[PROVIDED RECORDS — start]
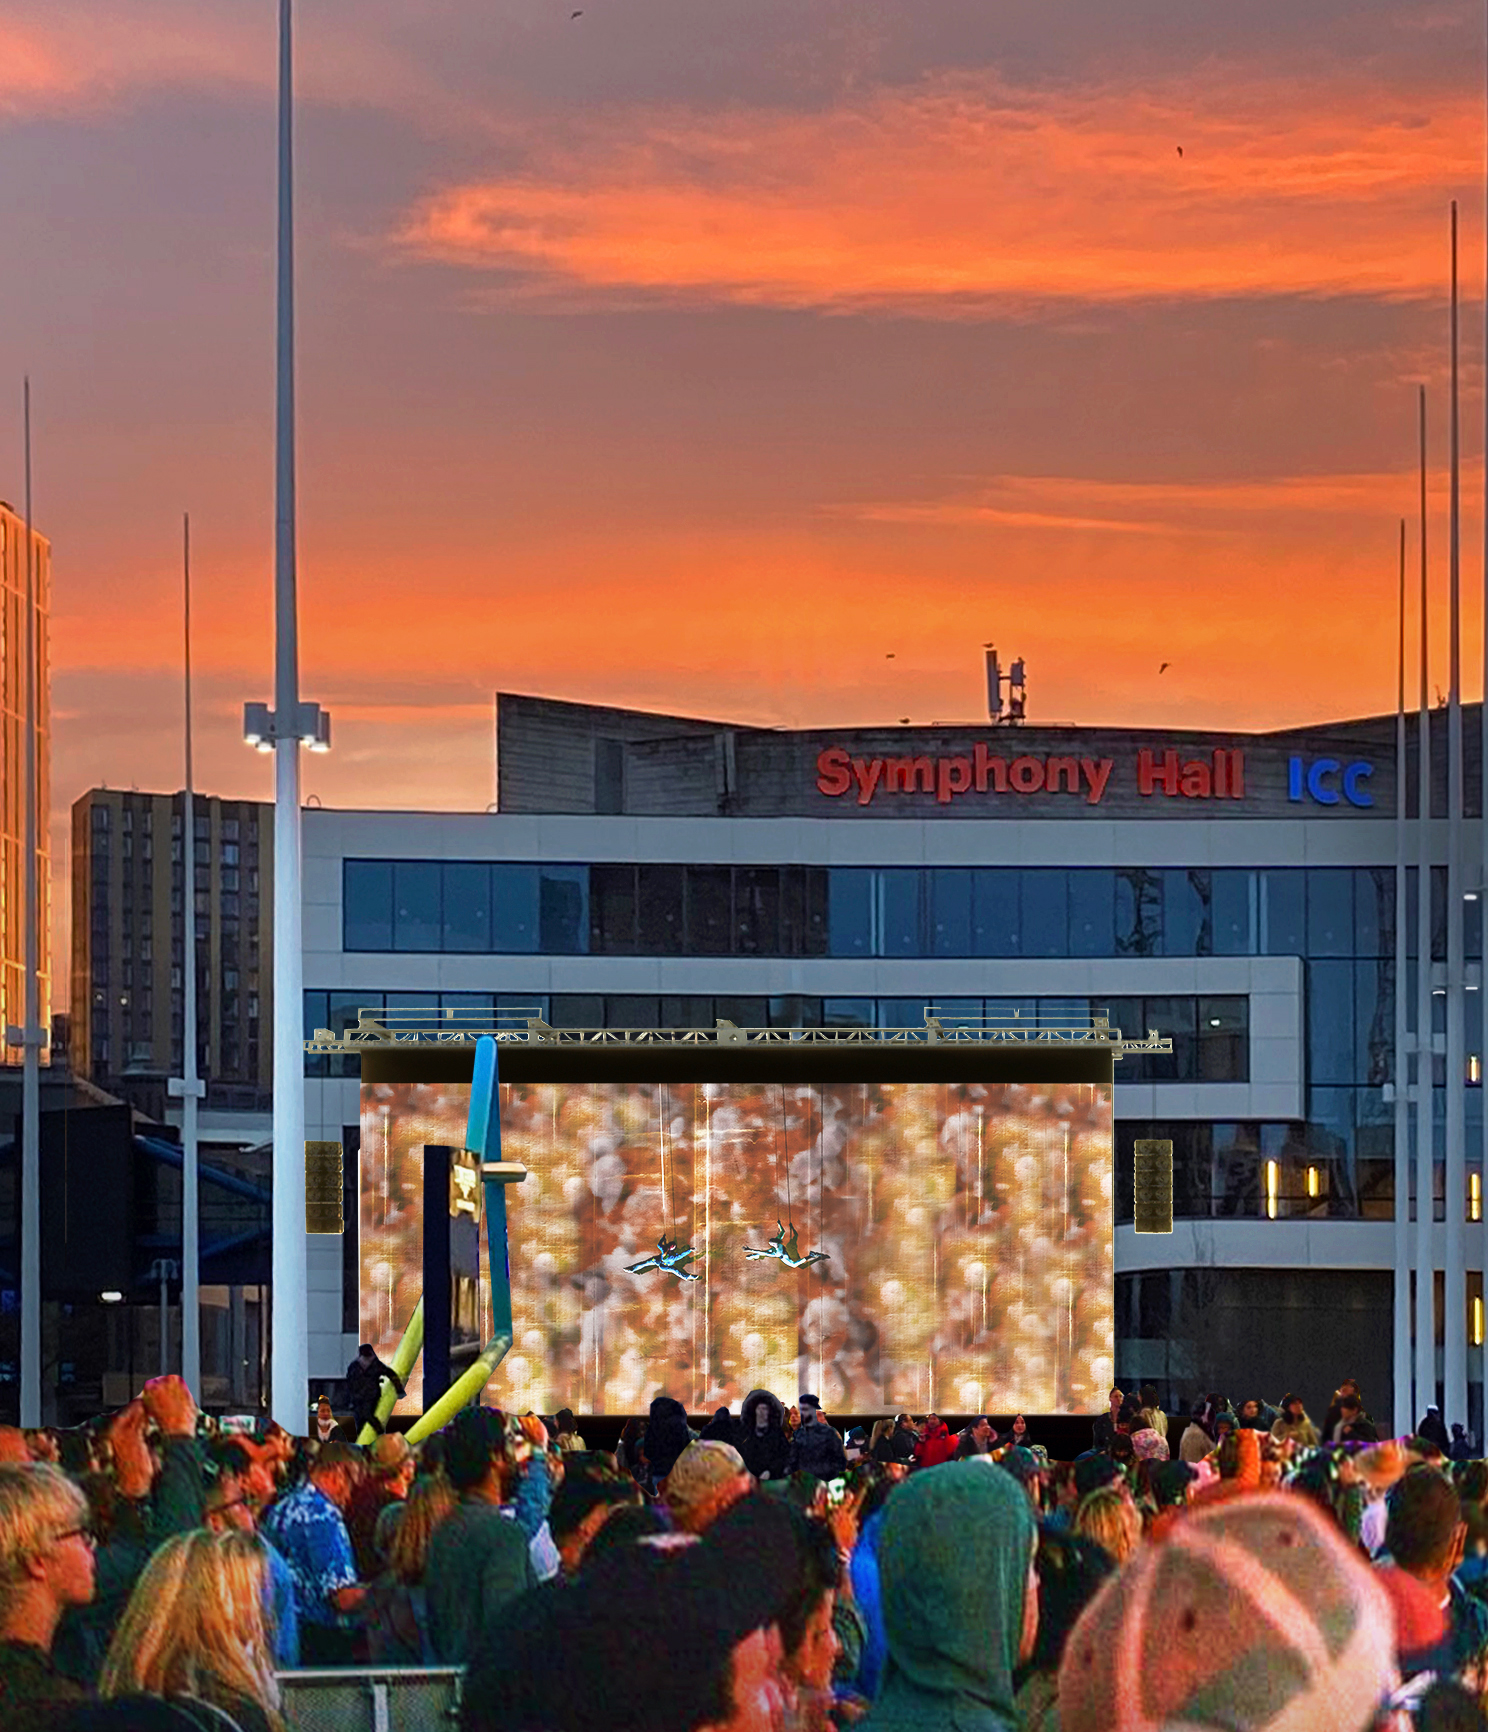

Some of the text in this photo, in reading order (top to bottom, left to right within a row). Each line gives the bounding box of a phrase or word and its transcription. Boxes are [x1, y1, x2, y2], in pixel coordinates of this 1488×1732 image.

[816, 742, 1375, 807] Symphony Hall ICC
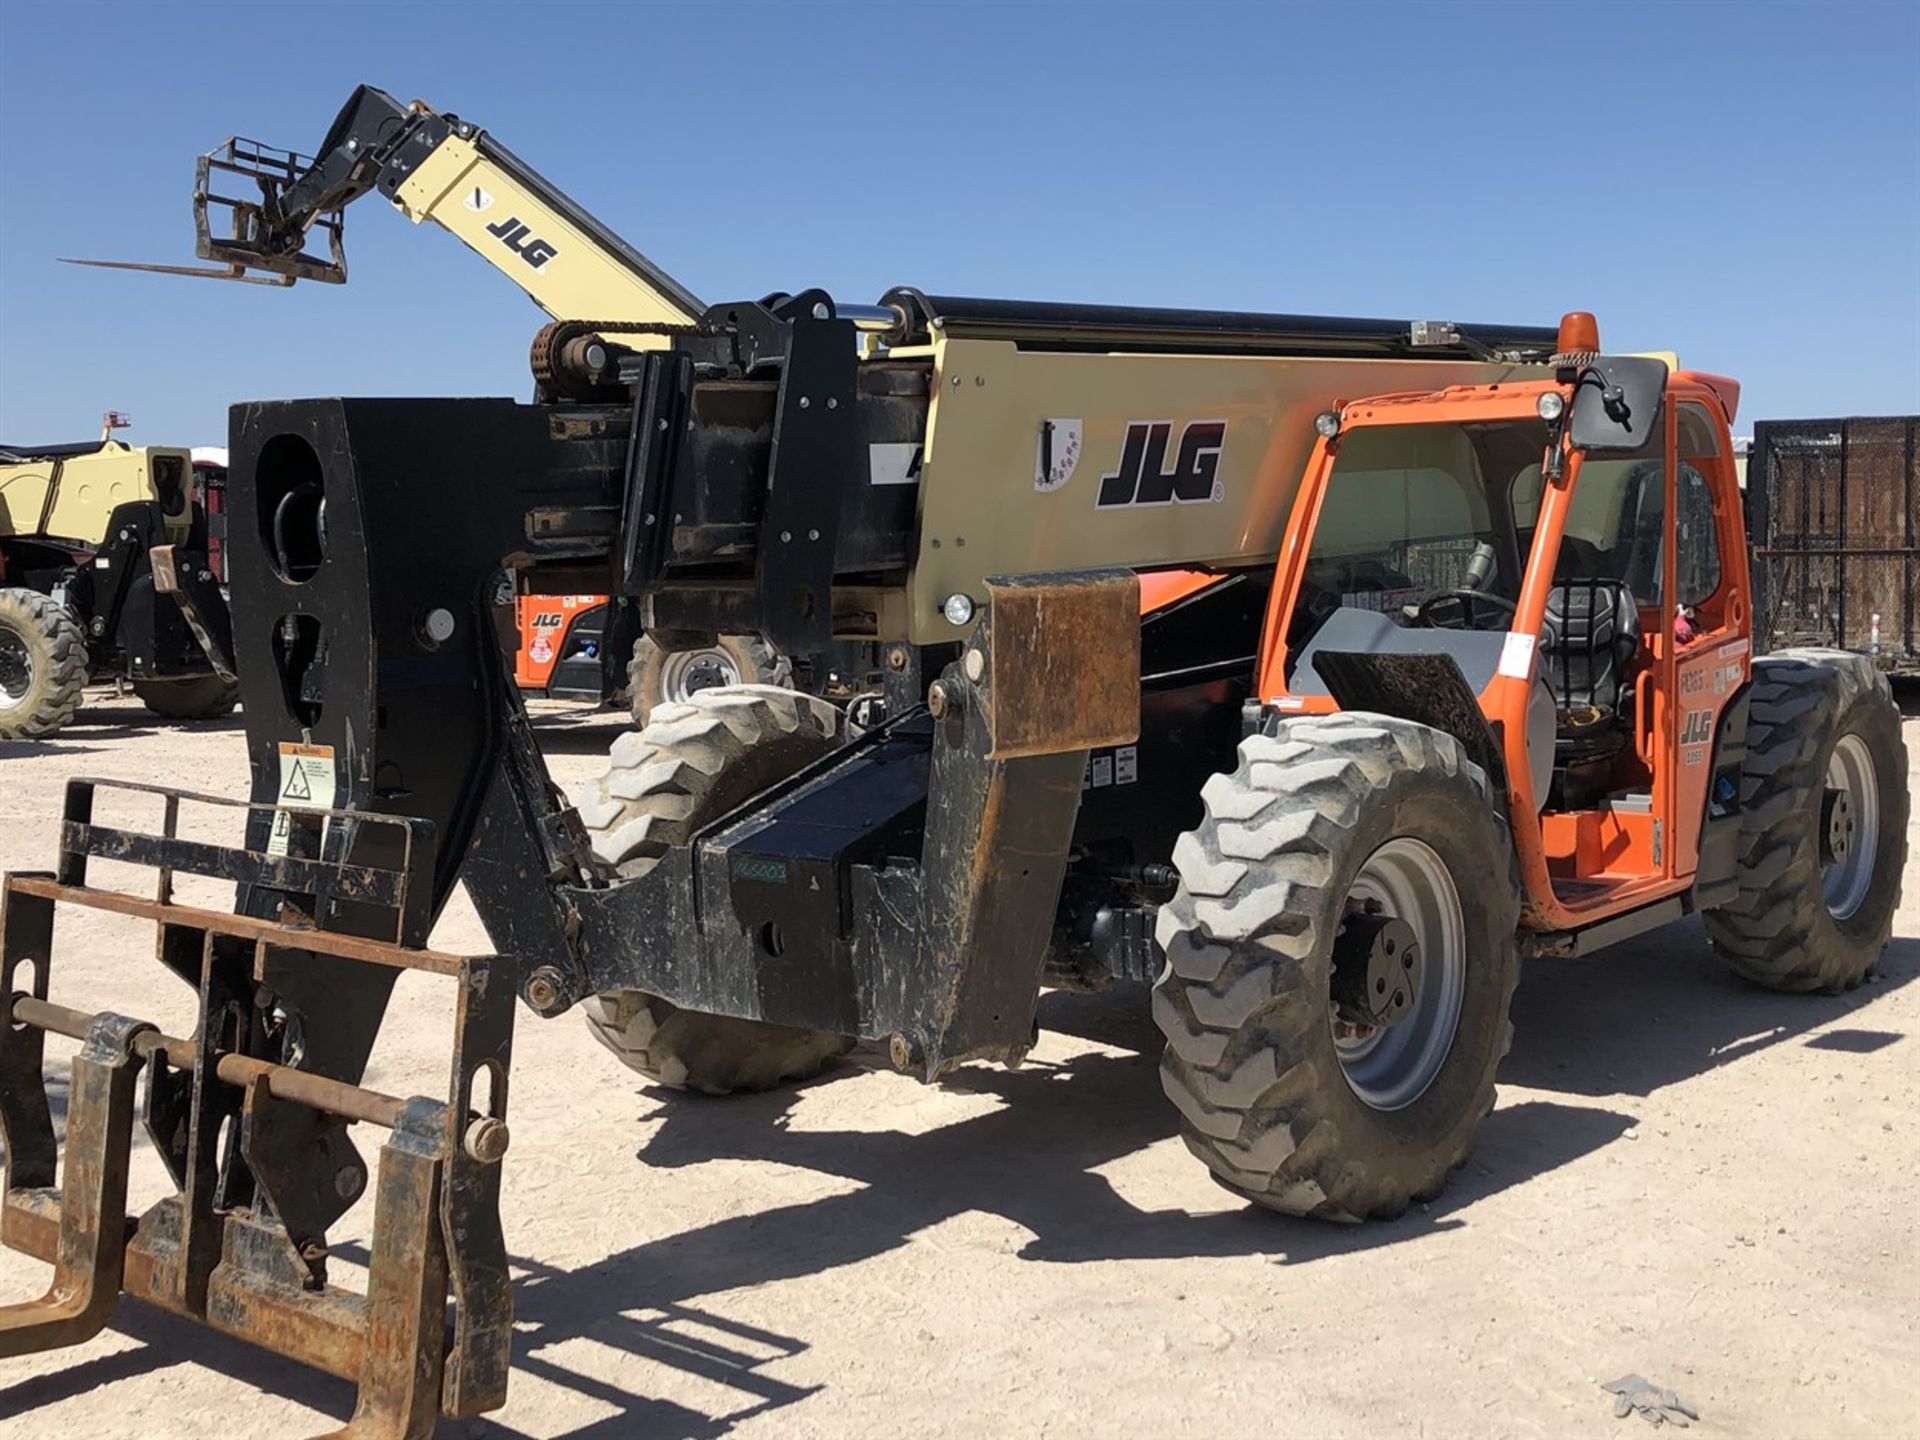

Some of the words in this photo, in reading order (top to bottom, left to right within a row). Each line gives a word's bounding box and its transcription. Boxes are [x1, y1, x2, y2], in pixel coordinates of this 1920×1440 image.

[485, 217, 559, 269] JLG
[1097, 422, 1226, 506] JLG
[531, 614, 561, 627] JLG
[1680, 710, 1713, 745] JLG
[PROVIDED RECORDS — finish]
__WORK INSTRUCTION__. Return each entry exactly as given. Leave the images out.

__SOLUTION TO THE EXERCISE__.
Some of the text in this photo, in reading order (top to bottom, left to right within a row). Each line gives the bounding box of a phrase or word and its transcription. Boxes are [x1, y1, x2, y2], in pixel coordinates of this 1488×1732 image.

[816, 742, 1375, 807] Symphony Hall ICC

Some of the words in this photo, in reading order (top to bottom, left to right within a row). Each line gives a word's bounding box and its transcription. Boxes are [x1, y1, x2, y2], in pixel coordinates of this 1920×1440 image.

[485, 217, 559, 269] JLG
[1097, 422, 1226, 506] JLG
[531, 614, 561, 627] JLG
[1680, 710, 1713, 745] JLG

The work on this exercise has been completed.